De repente, como se alguma coisa se soltasse dentro dela, Elisa sentiu os olhos se encherem de lágrimas.

— Eu não quero que ele morra. – murmurou por fim.

— Ai não... – ele arregalou os olhos e se aproximou, sem jeito – Não fica assim, eu não quis fazer você chorar.

— Não é culpa sua, é que... É que eu sei que estamos em lados diferentes e... que deveríamos ser inimigos, mas... – ela o abraçou com força – Eu não queria que fosse assim, eu não quero que ele lute com vocês...

— Calma... – ele deu tapinhas na jovem, um pouco sem jeito, tentando confortá-la.

— Porque eu não posso torcer por ele... Não quero que ele e Hades vençam mas... também não quero que ele morra.

— Eu entendo. – murmurou ele.

— Vocês não tem medo de morrer? – ela perguntou, os olhos pareciam muito grandes em seu rosto.

— Na verdade eu não tenho. – ele respondeu com indiferença – E imagino que meus companheiros também não. Para dizer a verdade – um sorriso enviesado surgiu em seu rosto – eu provavelmente não vou sobreviver a essa guerra.

— Por quê? – os olhos dela ficaram ainda maiores.

— Normalmente quase todo mundo morre na guerra santa. – ele não parecia nem remotamente preocupado – Meu mestre Sage esteve presente na última há 200 anos e, dos cavaleiros de ouro, foi o único sobrevivente.

— Meu Deus... – ela levou uma das mãos à boca.
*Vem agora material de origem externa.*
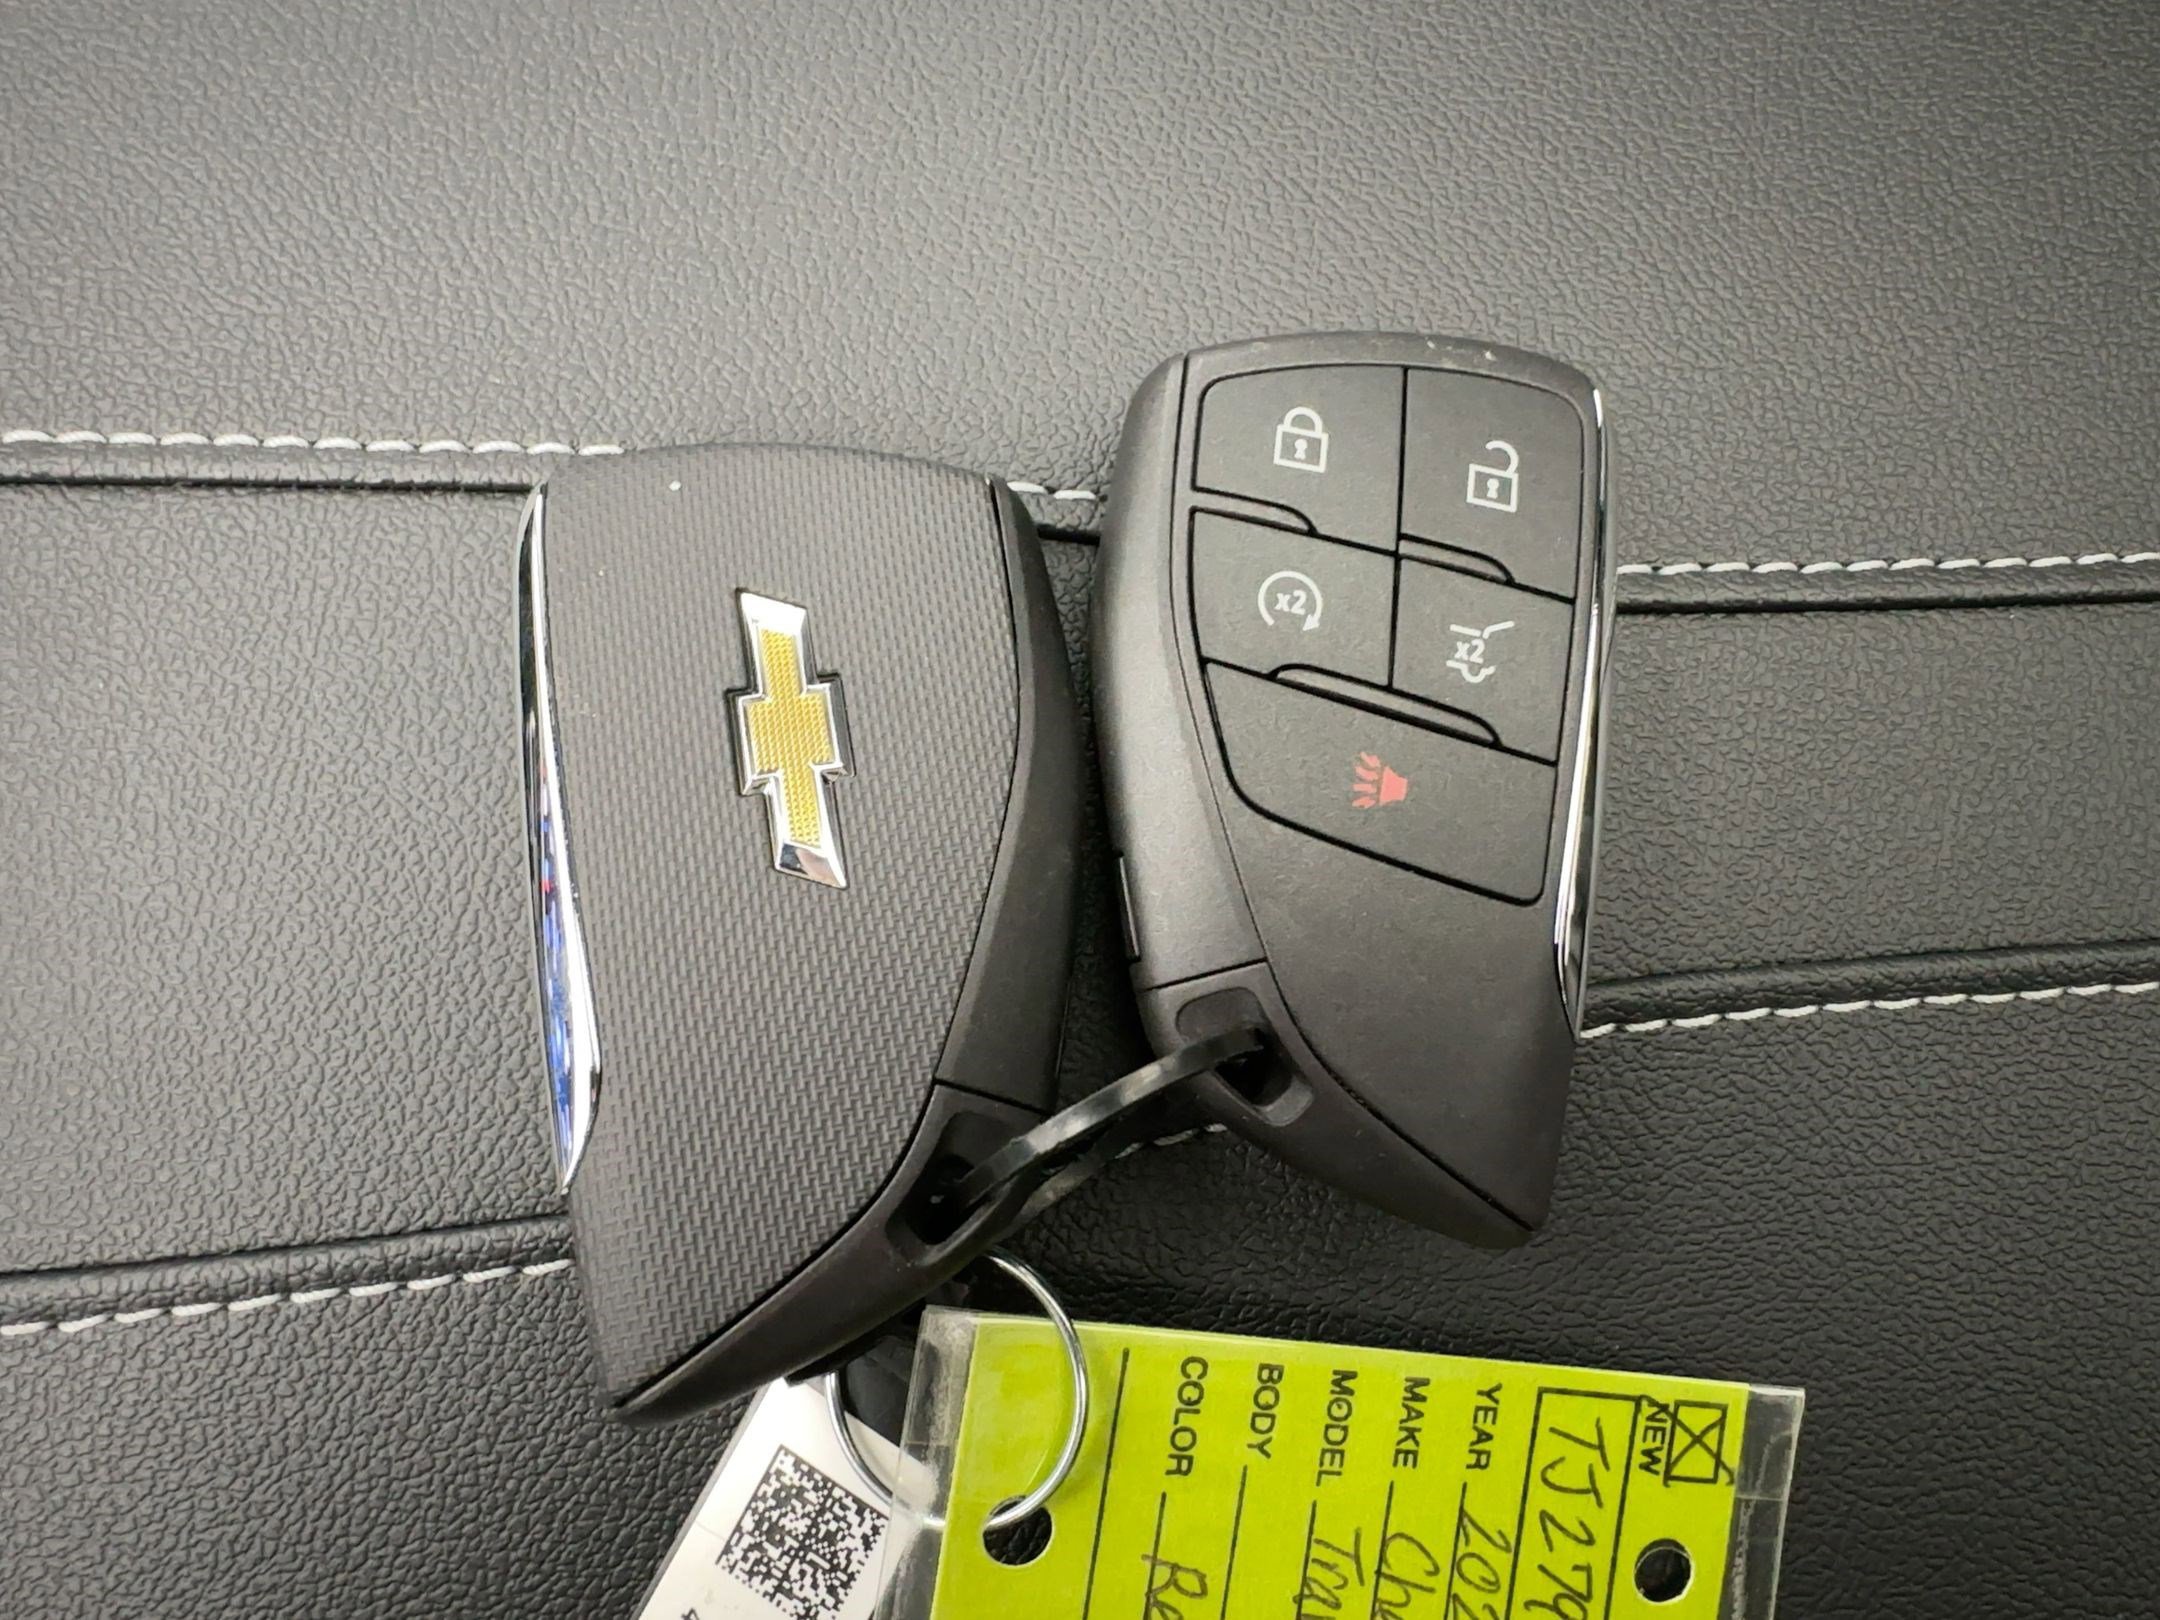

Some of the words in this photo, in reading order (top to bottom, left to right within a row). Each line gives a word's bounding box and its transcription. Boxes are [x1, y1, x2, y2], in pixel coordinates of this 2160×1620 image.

[1274, 590, 1308, 616] x2
[1453, 638, 1487, 664] x2
[1164, 1355, 1209, 1477] COLOR
[1247, 1362, 1285, 1460] BODY
[1315, 1369, 1358, 1487] MODEL
[1392, 1376, 1431, 1470] MAKE
[1465, 1382, 1503, 1471] YEAR
[1637, 1401, 1670, 1476] NEW
[1524, 1416, 1610, 1620] TJ279
[1292, 1527, 1365, 1620] Tra
— Está tudo bem. É o destino dos cavaleiros, nossa missão na Terra é lutar por Atena.

— Atena deve ser uma ótima deusa.

— Por quê? – ele agora parecia surpreso e curioso com a afirmação dela.
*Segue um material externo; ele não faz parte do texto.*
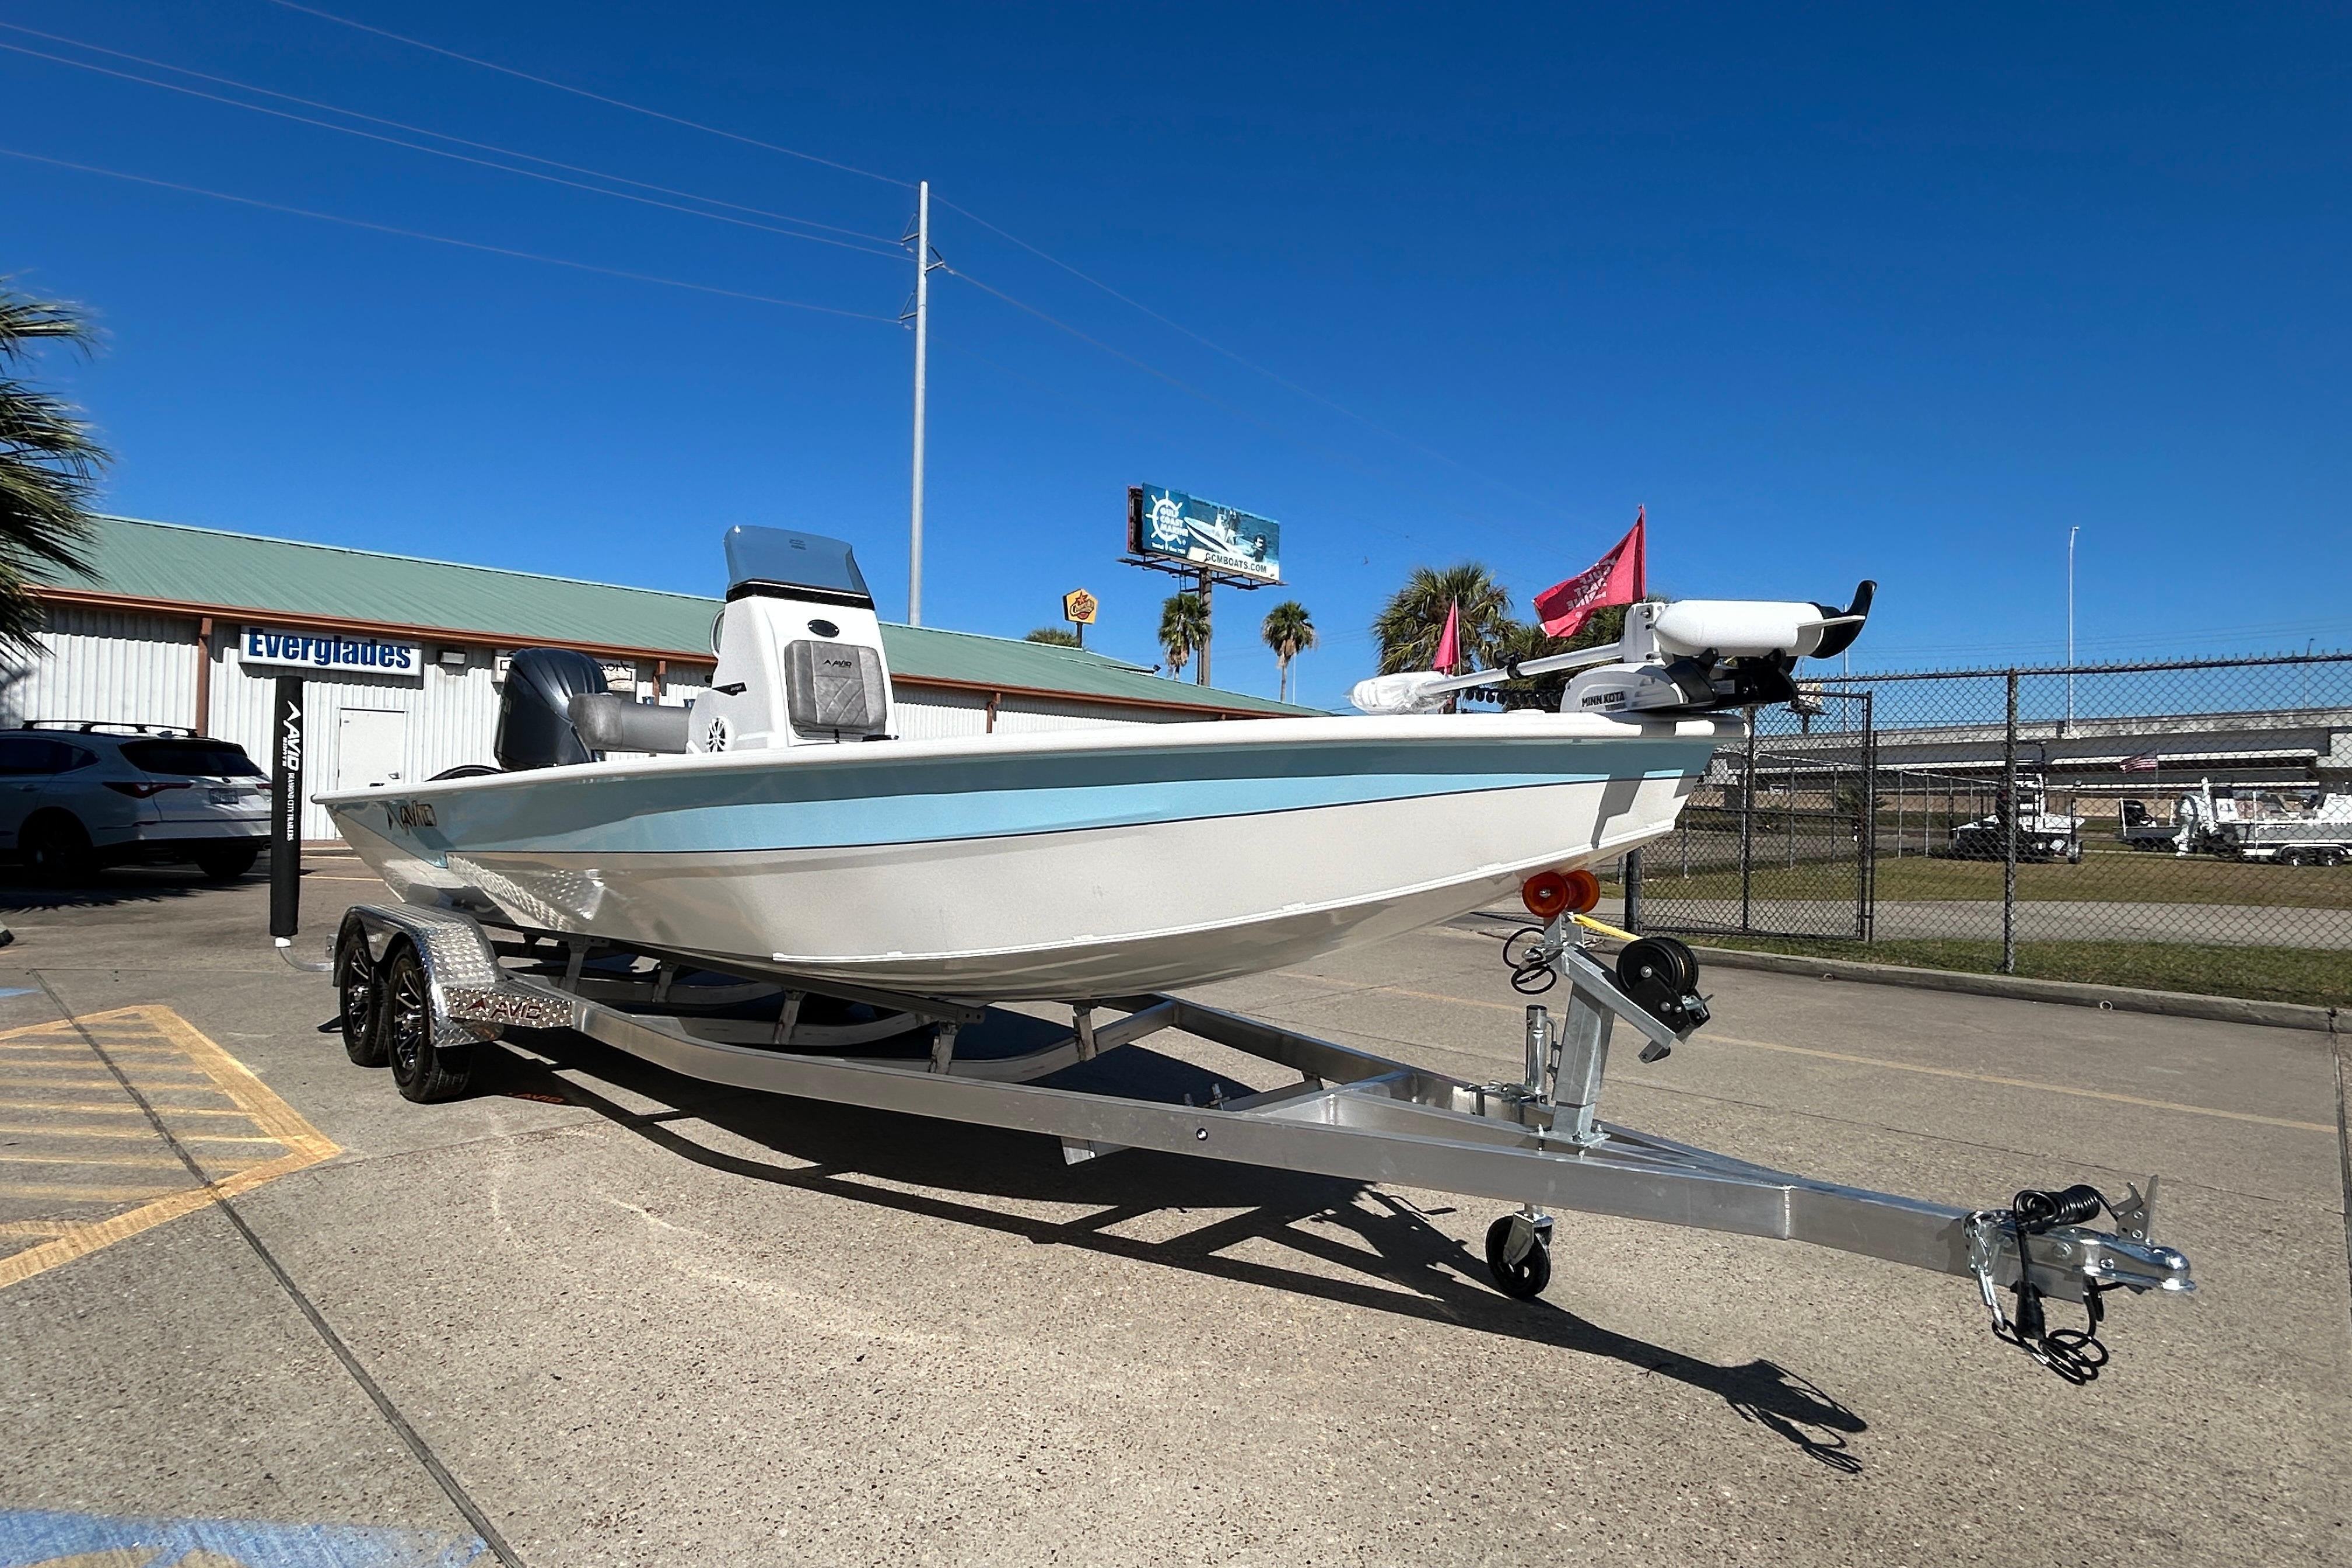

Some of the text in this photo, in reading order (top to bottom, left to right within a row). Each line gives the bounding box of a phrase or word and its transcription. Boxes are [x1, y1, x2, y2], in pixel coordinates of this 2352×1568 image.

[1160, 516, 1184, 528] COAST
[1160, 523, 1189, 537] MARINE
[1205, 552, 1267, 573] GCMBOATS.COM
[249, 628, 411, 668] Everglades
[1582, 694, 1602, 708] MINN
[1603, 691, 1626, 704] KOTA
[282, 720, 301, 771] AVID
— Por ter cavaleiros tão bons e tão dedicados a ela.

— Ora... – ele ficou bastante sem graça – Você até poderia dizer isso do Sísifo ou do Aldebaran, mas eu não...

— Você foi muito gentil comigo, sem nem me conhecer. - ela insistiu.

— Acho que você vai gostar de conhecer Atena. – ele fez um muxoxo - Ela também é assim toda sentimental.

— Vocês são muito corajosos... Entram nessa guerra dispostos a dar a vida...

— É o nosso destino... Mas eu gosto de saber que vim para esse mundo com um propósito. Dizem que algumas vezes a mesma alma acompanha a armadura por diversas gerações. A de Câncer pelo jeito não, porque o mestre Sage está ainda bem vivo. Às vezes eu penso no fato dele ter virado o grande mestre, se o meu destino fosse esse... - ele fez uma careta - por sorte, o mais cotado para isso é o Sísifo. Eu não tem a menor vontade de fazer esse papel. Provavelmente eu estaria bem lá embaixo da lista, junto com o Kardia, aquele alucinado.

Elisa o observou rir, fascinada e percebeu que ele estava mesmo sendo sincero. Não havia ambição ou inveja em sua voz, pelo contrário, parecia haver um certo alívio por saber que tal responsabilidade não cairia sobre ele. Além disso, ele parecia estar dizendo aquilo tudo mais para si  mesmo do que para ela. Principalmente porque ela não fazia ideia de quem eram aquelas pessoas sobre as quais ele estava falando.

— Imagino que seja difícil saber que seu destino é assim tão duro e incerto.

— Na verdade não ligo muito para isso, como eu já disse, não tenho medo de morrer. E, além do mais, Atena é realmente uma ótima deusa. – ele sorriu – Por ela vale a pena.

Ambos ficaram em silêncio por alguns instantes, digerindo aquela estranha conversa.

— Bom, garota, está na hora de voltar. A guerra não para e eu tenho muitos problemas para resolver ainda, como aquele cabeçudo do cavaleiro de Pégaso.

 - Sim, vamos. - ela o acompanhou, pensativa - Ainda tenho pacientes para ajudar a cuidar.

— Você ainda não me disse seu nome, garota.

— Elisa.

— Espero que você seja uma das sobreviventes para contar essa história, Elisa.